A divisão passa a ser a operação primordial na matemática da dupla. Sem ela, fica difícil encontrar um denominador comum, um resultado satisfatório. Não que necessariamente seja impossível subtrair alguma coisa. O egoísmo deve ser reduzido a zero e o individualismo também; no entanto, jamais confundir com perda de identidade, porque aí a situação deixa de ser um pacto de união informal e passa a ser uma seita solitária, de um único fanático a um objeto insatisfeito de veneração.

O amor, o carinho, a paixão e todos aquelas sensações e sentimentos etéreos e subjetivos, que floreiam as explicações dos casais e os espetáculos diversos que a mídia faz questão de pôr em evidência, não seriam nunca cultivados sem a presença de outros, menos românticos, mas primordiais para a sobrevivência dos ensaístas. O respeito, a cordialidade e a humildade em perceber e admitir a importância da outra pessoa na vida são essenciais.

Transformar toda a nobreza que há nos sentimentos já citados e transformá-las em palavras é uma boa forma de colocar em prática as lições que um relacionamento sempre traz. Se ambos nunca se esquecem de dizer o quanto se gostam, existem grandes possibilidades do ensaio-namoro dar certo.

Após o estágio concretizado, e isso quem vai determinar são os próprios estagiários e chefes um do outro, acrescenta-se um grau na história e na vivência de cada um. Se houver sucesso, será muito bom e poderá ocorrer uma nomeação ou contratação para um cargo de maior responsabilidade nas vidas.
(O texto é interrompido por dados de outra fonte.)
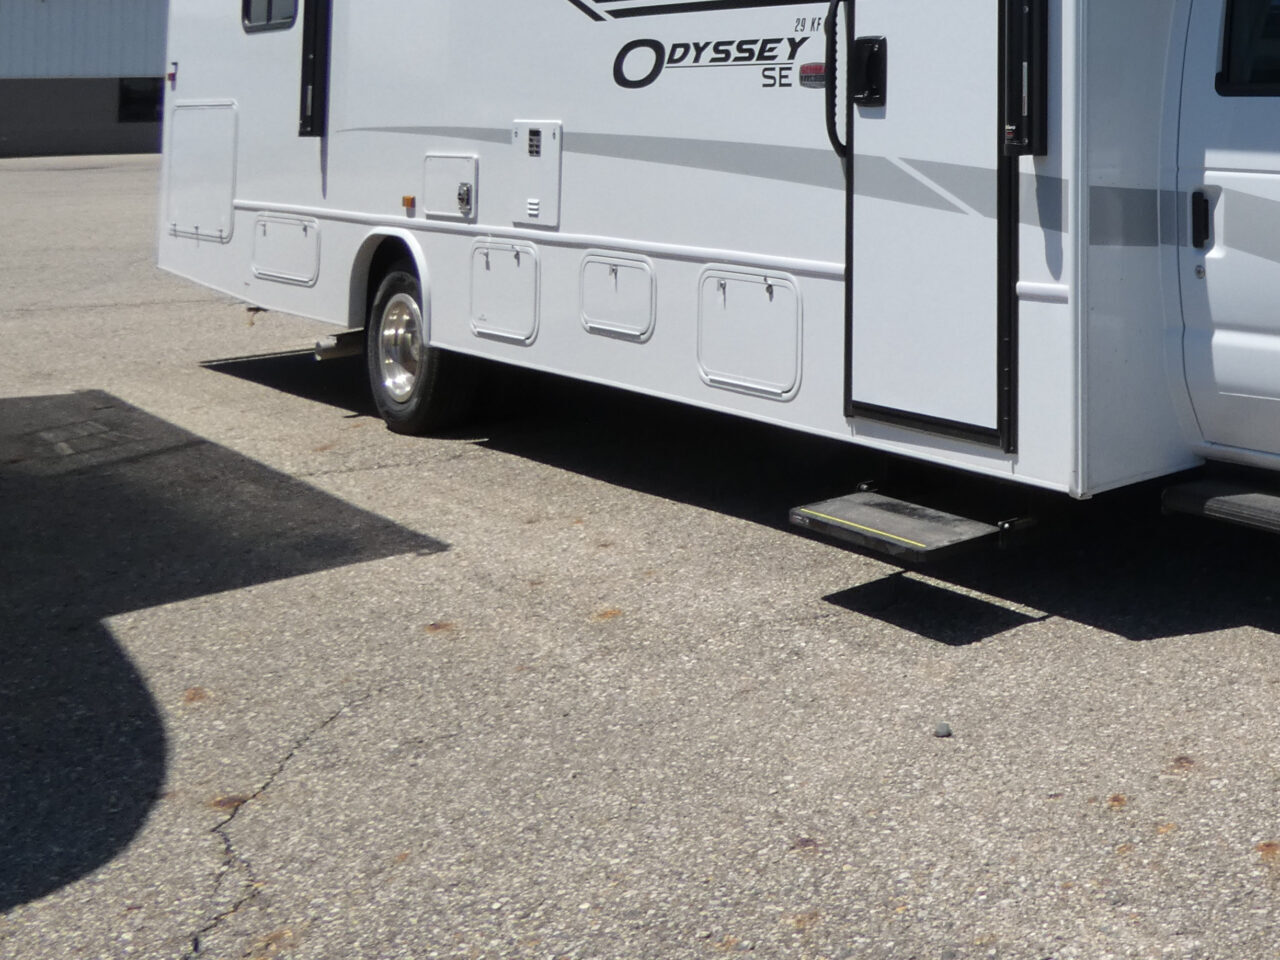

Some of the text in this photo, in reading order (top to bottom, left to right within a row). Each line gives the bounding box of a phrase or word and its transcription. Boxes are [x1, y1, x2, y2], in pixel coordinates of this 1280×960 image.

[794, 17, 822, 32] 29 KF
[613, 36, 811, 89] ODYSSEY
[762, 67, 793, 88] SE
Se não, carrega-se o aprendizado adquirido para ser aperfeiçoado em outras relações. Todos os namorados são estagiários da vida de alguém, e na continuidade do ciclo tomara que um dia todos nós possamos ter a oportunidade de fazer parte da vivência de uma pessoa. Talvez esse seja um dos maiores e mais bonitos degraus na evolução da mente e do espírito humano.

* Isaac Moraes, Maceió-AL, é estudante de jornalismo.